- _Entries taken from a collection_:
• • • • •

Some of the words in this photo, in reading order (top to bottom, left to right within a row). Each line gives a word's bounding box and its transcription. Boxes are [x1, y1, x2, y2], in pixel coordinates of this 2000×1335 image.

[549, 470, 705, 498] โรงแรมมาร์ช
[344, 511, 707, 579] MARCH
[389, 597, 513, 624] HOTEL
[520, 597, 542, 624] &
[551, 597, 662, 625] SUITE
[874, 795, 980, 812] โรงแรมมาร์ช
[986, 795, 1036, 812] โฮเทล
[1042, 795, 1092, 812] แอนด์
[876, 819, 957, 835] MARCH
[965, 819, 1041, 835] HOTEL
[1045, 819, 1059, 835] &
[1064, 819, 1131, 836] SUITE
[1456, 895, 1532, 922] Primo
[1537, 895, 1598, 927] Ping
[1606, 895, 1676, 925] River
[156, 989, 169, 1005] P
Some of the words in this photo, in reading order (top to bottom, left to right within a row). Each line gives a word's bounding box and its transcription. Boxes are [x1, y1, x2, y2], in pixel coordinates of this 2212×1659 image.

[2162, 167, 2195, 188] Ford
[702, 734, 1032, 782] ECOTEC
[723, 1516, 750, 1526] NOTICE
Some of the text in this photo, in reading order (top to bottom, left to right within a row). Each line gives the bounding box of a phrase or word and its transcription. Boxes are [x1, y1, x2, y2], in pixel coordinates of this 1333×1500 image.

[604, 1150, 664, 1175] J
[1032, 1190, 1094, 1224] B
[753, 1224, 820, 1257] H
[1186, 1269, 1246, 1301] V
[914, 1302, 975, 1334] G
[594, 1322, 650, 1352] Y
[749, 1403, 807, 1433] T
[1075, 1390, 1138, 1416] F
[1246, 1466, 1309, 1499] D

• • • • •

- _EXERCISE BRIEF_:
Every entry, written out exactly, is what the response should contain.

- _TASK OUTPUT_:
Some of the words in this photo, in reading order (top to bottom, left to right within a row). Each line gives a word's bounding box and its transcription. Boxes are [x1, y1, x2, y2], in pixel coordinates of this 2000×1335 image.

[549, 470, 705, 498] โรงแรมมาร์ช
[344, 511, 707, 579] MARCH
[389, 597, 513, 624] HOTEL
[520, 597, 542, 624] &
[551, 597, 662, 625] SUITE
[874, 795, 980, 812] โรงแรมมาร์ช
[986, 795, 1036, 812] โฮเทล
[1042, 795, 1092, 812] แอนด์
[876, 819, 957, 835] MARCH
[965, 819, 1041, 835] HOTEL
[1045, 819, 1059, 835] &
[1064, 819, 1131, 836] SUITE
[1456, 895, 1532, 922] Primo
[1537, 895, 1598, 927] Ping
[1606, 895, 1676, 925] River
[156, 989, 169, 1005] P
Some of the words in this photo, in reading order (top to bottom, left to right within a row). Each line gives a word's bounding box and its transcription. Boxes are [x1, y1, x2, y2], in pixel coordinates of this 2212×1659 image.

[2162, 167, 2195, 188] Ford
[702, 734, 1032, 782] ECOTEC
[723, 1516, 750, 1526] NOTICE
Some of the text in this photo, in reading order (top to bottom, left to right within a row). Each line gives the bounding box of a phrase or word and its transcription. Boxes are [x1, y1, x2, y2], in pixel coordinates of this 1333×1500 image.

[604, 1150, 664, 1175] J
[1032, 1190, 1094, 1224] B
[753, 1224, 820, 1257] H
[1186, 1269, 1246, 1301] V
[914, 1302, 975, 1334] G
[594, 1322, 650, 1352] Y
[749, 1403, 807, 1433] T
[1075, 1390, 1138, 1416] F
[1246, 1466, 1309, 1499] D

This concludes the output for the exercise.